Il fatto
Confindustria Brescia riporta un dato: cresce la domanda di lavoratori somministrati, il primo segnale positivo dal primo semestre del 2023. I più richiesti sono i conduttori d’impianti (22,9%) e gli operai specializzati (20,4%).
La storia
Immagina la scena. Sei in coda al bar, magari verso via Porto o in zona industriale, e senti parlare di "ripresa". I giornali scrivono che le aziende cercano gente, che i numeri salgono, che finalmente la ruota ricomincia a girare. Ti dicono che c'è fame di braccia, che se sai usare una macchina o se sei un operaio che ne sa, sei a cavallo. Hai capito bene: sei "richiesto".
Poi però guardi il tuo vicino di casa, quello che ha passato vent'anni in una pressa e ora si ritrova a fare i turni saltando i pasti per arrivare a fine mese. Oppure pensi al ragazzo che ha appena finito il percorso professionale e che, invece di un contratto che gli permetta di comprare una casa o pensare a un futuro, si ritrova con un contratto a termine, un'agenzia di mezzo e la costante ansia di non sapere se tra tre mesi dovrà ricominciare a mandare curriculum.
Perché questa "ripresa" di cui parlano nei comunicati stampa non sembra mai arrivare nelle tasche di chi sta in officina. Sembra sempre che il benessere si fermi ai cancelli della fabbrica, proprio dove finisce l'ufficio del direttore e inizia il rumore dei macchinari.
Chi paga, chi incassa
Qui sta il punto. Te lo spiego io come funziona. Quando leggiamo che "cresce la domanda di somministrati", non dobbiamo leggere "cresce il lavoro stabile". No, signori. Dobbiamo leggere che le aziende vogliono flessibilità. E la flessibilità, in questo mondo, significa che l'azienda può decidere di tenerti oggi e di salutarti domani senza troppi complimenti.
Chi incassa davvero in questa storia? Prima di tutto le agenzie di somministrazione. Loro sono i mediatori, quelli che stanno nel mezzo e che prendono la loro percentuale su ogni ora di lavoro che tu svolgi. L'azienda incassa la comodità di non avere l'onere di un dipendente fisso, di non doversi assumere la responsabilità di una persona per i prossimi dieci anni. Incassano la possibilità di accendere e spegnere la manodopera come se fosse un interruttore della luce.
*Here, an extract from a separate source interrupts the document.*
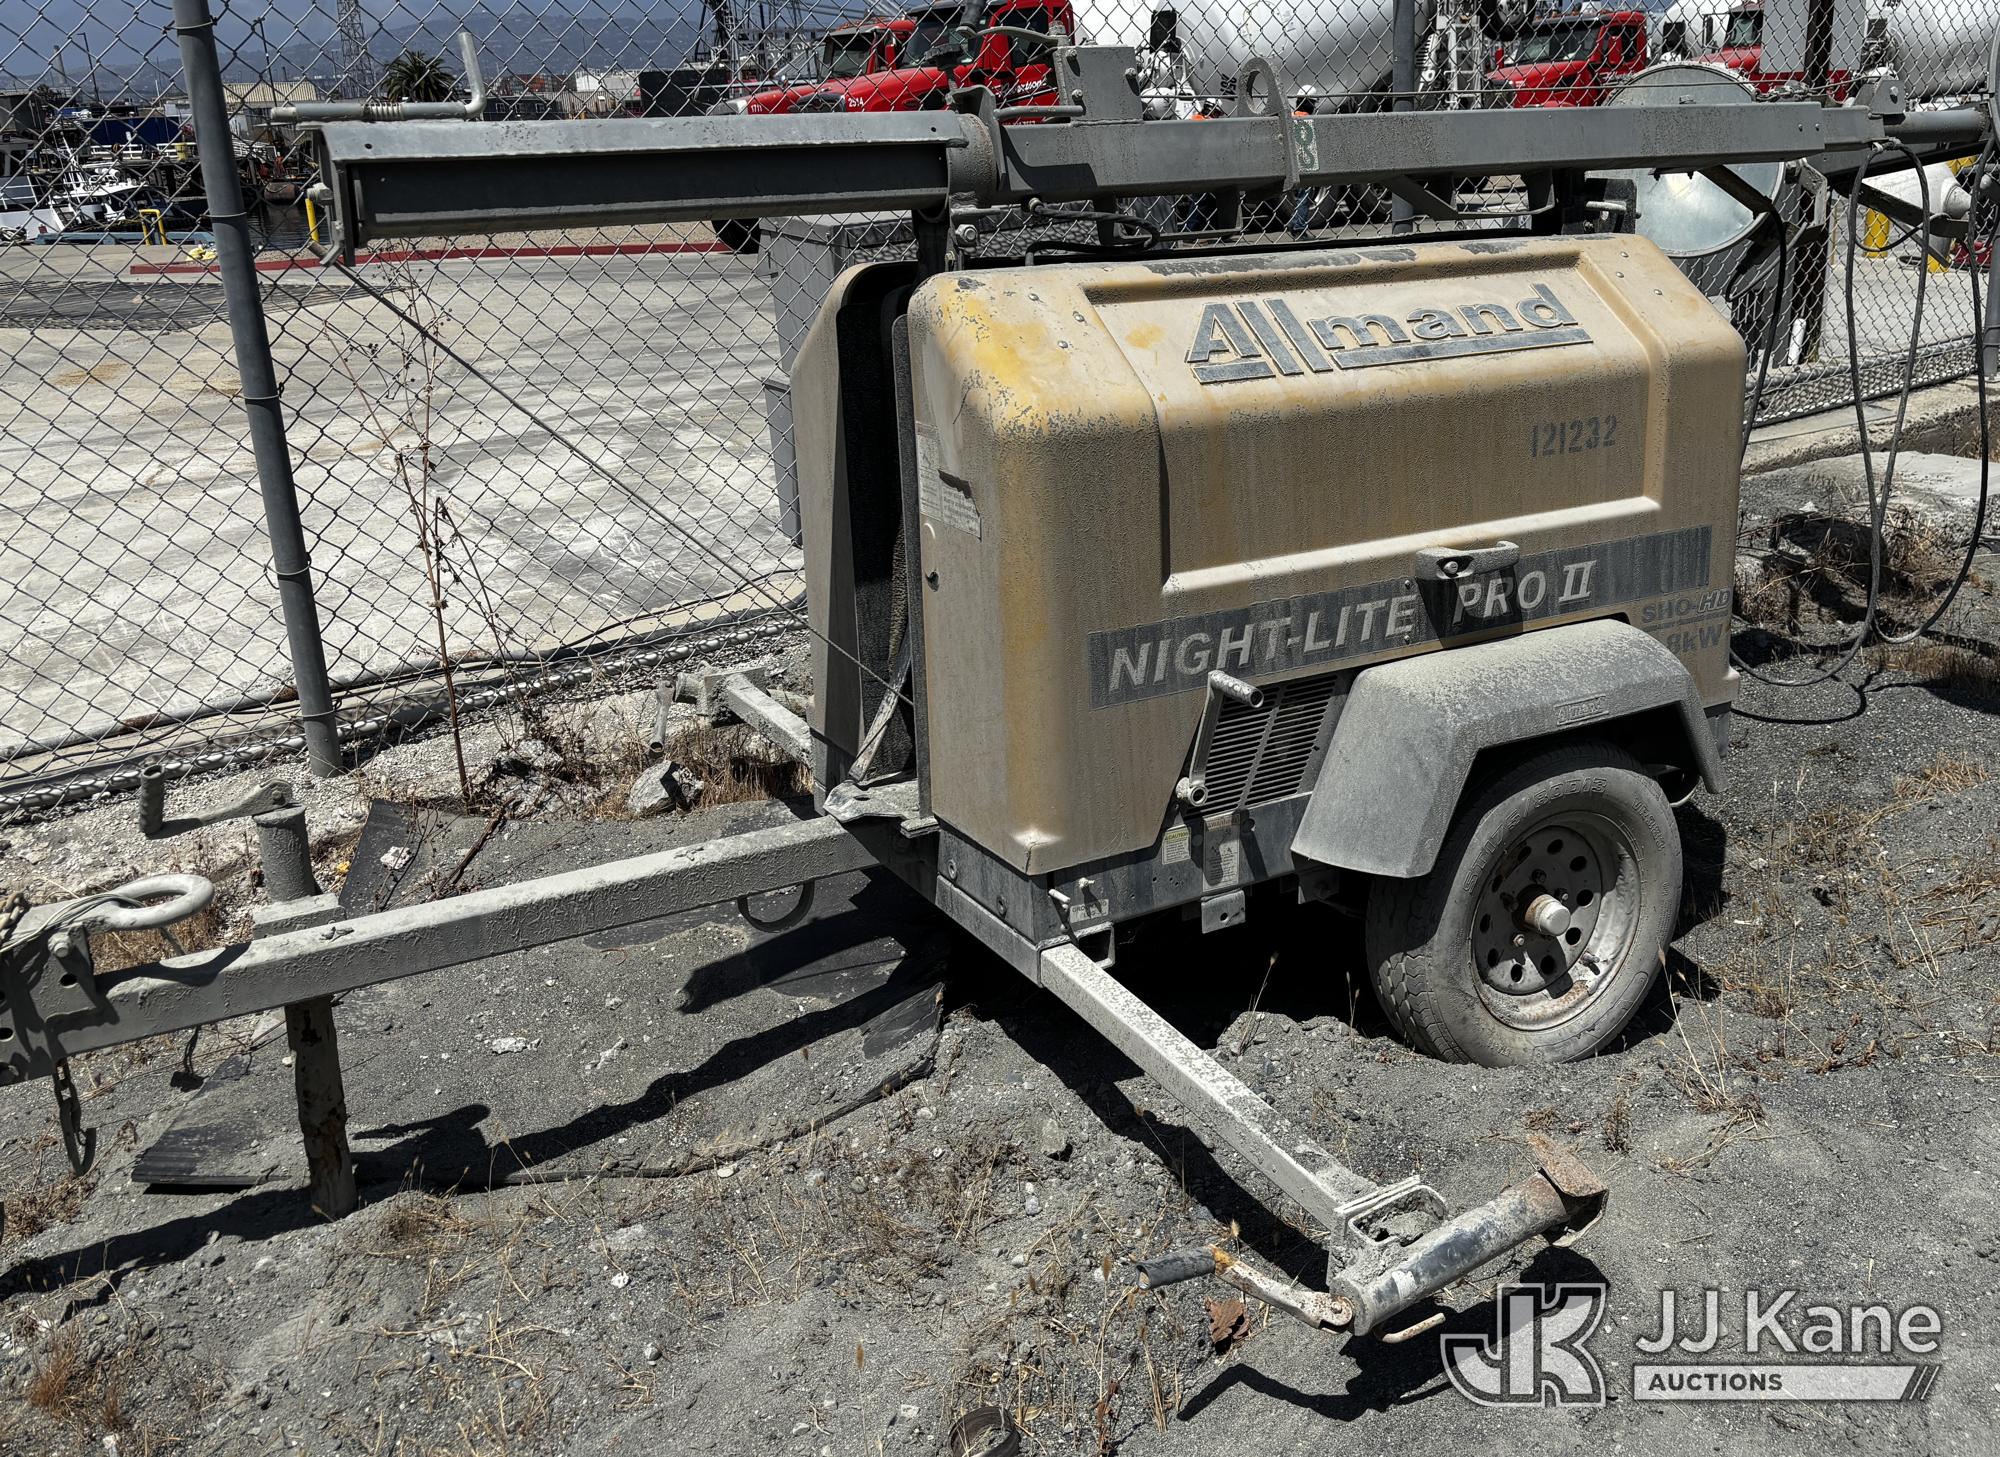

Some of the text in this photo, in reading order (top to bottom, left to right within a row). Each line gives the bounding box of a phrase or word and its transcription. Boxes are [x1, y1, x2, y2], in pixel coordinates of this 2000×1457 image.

[1185, 282, 1580, 376] Allmand
[1531, 414, 1617, 457] 121232
[1108, 560, 1597, 693] NIGHT-LITE PRO II
E chi paga? Ancora noi. Paga l'operaio specializzato che, nonostante sia fondamentale per far girare l'impianto, non ha la sicurezza di un contratto a tempo indeterminato. Paga chi deve organizzare la vita familiare, i figli, il mutuo, sapendo che la sua posizione dipende da un contratto di somministrazione che scade "a breve". Non è normale che nel 2024, in una provincia che produce miliardi, il modo principale per tornare a crescere sia attraverso contratti precari.
Ci dicono che è un "segno positivo". Ma positivo per chi? Per chi vede i grafici salire negli uffici climatizzati di Confindustria o per chi deve svegliarsi alle cinque del mattino senza sapere se l'anno prossimo sarà ancora in quel posto? Qualcuno ha già deciso per noi che questo è il modello di crescita accettabile: più precariato, più agenzie, più incertezza.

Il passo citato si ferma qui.